Edward and George Herbert in the European Republic of Letters

George Herbert (1593–1633), the celebrated devotional poet, and his brother Lord Herbert of Cherbury (1583–1648), often described as the father of English deism, are rarely considered together. This collection explores connections between the full range of the brothers’ writings and activities, despite the apparent differences both in what they wrote and in how they lived their lives. More specifically, the volume demonstrates that despite these differences, each conceived of their extended republic of letters as militating against a violent and exclusive catholicity; theirs was a communion in which contention (or disputation) served to develop more dynamic forms of comprehensiveness. Contributors break new ground in manuscript and translation studies (French, Italian, and Latin). The literary, philosophical, and musical production of the Herbert brothers appears here in its full European context, connected as they were with the Sidney clan and its own investment in international Protestantism. The disciplinary boundaries between poetry, philosophy, politics, and theology in modern universities in no way reflect the deep interconnectedness of these pursuits in the seventeenth century.

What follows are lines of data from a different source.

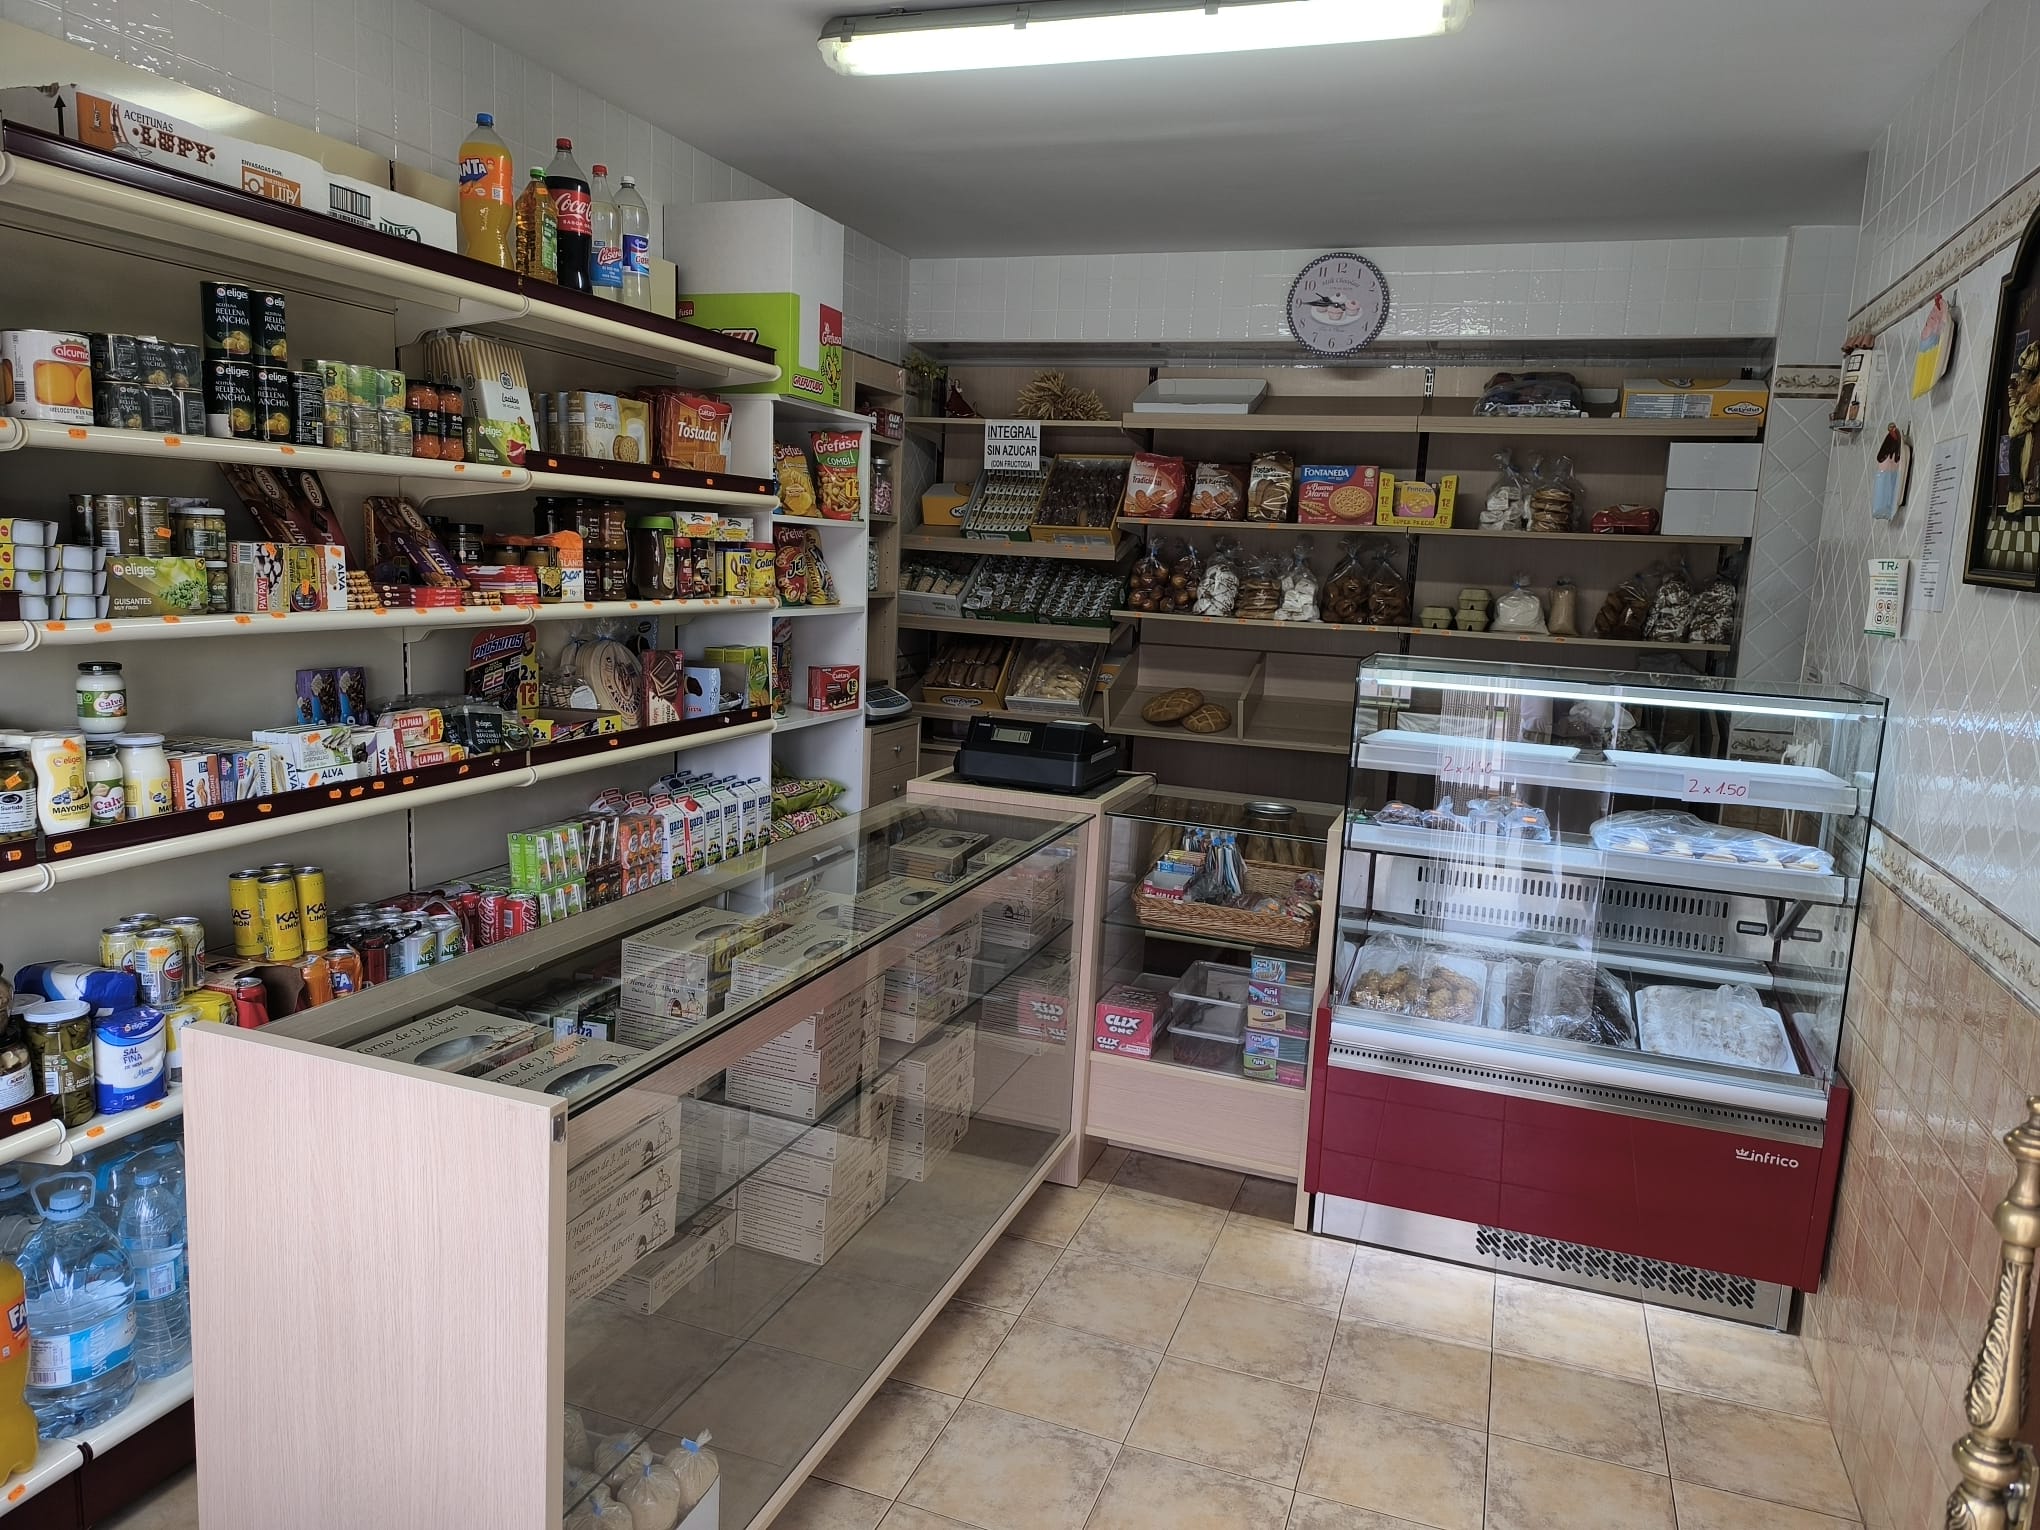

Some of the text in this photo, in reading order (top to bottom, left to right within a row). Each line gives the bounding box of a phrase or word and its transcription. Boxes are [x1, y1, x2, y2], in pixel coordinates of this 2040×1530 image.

[124, 109, 173, 133] ACEITUNAS
[139, 124, 215, 165] LUPY
[1319, 267, 1328, 278] 11
[1337, 262, 1348, 274] 12
[1304, 280, 1317, 291] 10
[1369, 281, 1376, 292] 2
[227, 288, 248, 299] eliges
[215, 307, 246, 317] RELLENA
[679, 306, 693, 316] fusa
[217, 316, 250, 326] ANCHOA
[265, 323, 285, 332] ANCH
[821, 331, 842, 345] Grefusa
[1312, 332, 1318, 343] 7
[1328, 337, 1335, 349] 6
[226, 366, 250, 377] eliges
[215, 386, 245, 394] RELLENA
[258, 391, 285, 399] RELLENA
[216, 393, 251, 402] ANCHOA
[678, 421, 717, 442] Tostada
[987, 425, 1037, 439] INTEGRAL
[775, 443, 805, 460] Grefus
[815, 438, 859, 453] Grefusa
[987, 445, 1037, 456] SIN AZUCAR
[991, 460, 1032, 469] (CON FRUCTOSA)
[1304, 468, 1349, 477] FONTANEDA
[257, 469, 278, 498] VALOR
[304, 476, 320, 505] VALOR
[402, 504, 421, 528] VALOR
[778, 527, 805, 542] Grefus
[427, 546, 456, 576] LECHE
[124, 563, 155, 578] eliges
[337, 563, 345, 591] ALVA
[114, 597, 152, 605] GUISANTES
[259, 579, 268, 610] PAY PAY
[473, 633, 524, 660] PHOSKITOS
[98, 696, 124, 709] Calvé
[400, 717, 422, 728] LA PIARA
[420, 753, 443, 764] LA PIARA
[286, 762, 298, 789] ALVA
[321, 767, 344, 779] ALVA
[1688, 778, 1699, 794] 2
[1717, 782, 1747, 798] 1.50
[742, 800, 755, 813] gaza
[758, 795, 770, 808] gaza
[706, 808, 720, 821] gaza
[724, 803, 737, 818] gaza
[670, 819, 683, 835] gaza
[690, 815, 703, 831] gaza
[397, 1031, 410, 1041] de
[427, 1010, 469, 1032] Alberto
[1105, 1014, 1141, 1029] CLIX
[407, 1025, 459, 1048] Tradicionales
[1097, 1036, 1120, 1046] CLIX
[124, 1047, 138, 1056] SAL
[521, 1061, 534, 1071] de
[548, 1037, 588, 1058] Alberto
[123, 1054, 143, 1064] FINA
[578, 1166, 600, 1187] Horno
[601, 1158, 610, 1170] de
[619, 1138, 642, 1158] Alberto
[1751, 1150, 1799, 1168] infrico
[597, 1208, 606, 1219] de
[615, 1187, 640, 1208] Alberto
[593, 1254, 601, 1268] de
[611, 1232, 636, 1253] Alberto

Crossing disciplinary and territorial borders, contributors discuss a variety of texts and media, including poetry, musical practices, autobiography, letters, council literature, orations, philosophy, history, and nascent religious anthropology, all serving as agents of the circulation and construction of transregionally inspired and collective responses to human conflict and violence. We see as never before the profound connections, face-to-face as well as textual, linking early modern British literary culture with the continent.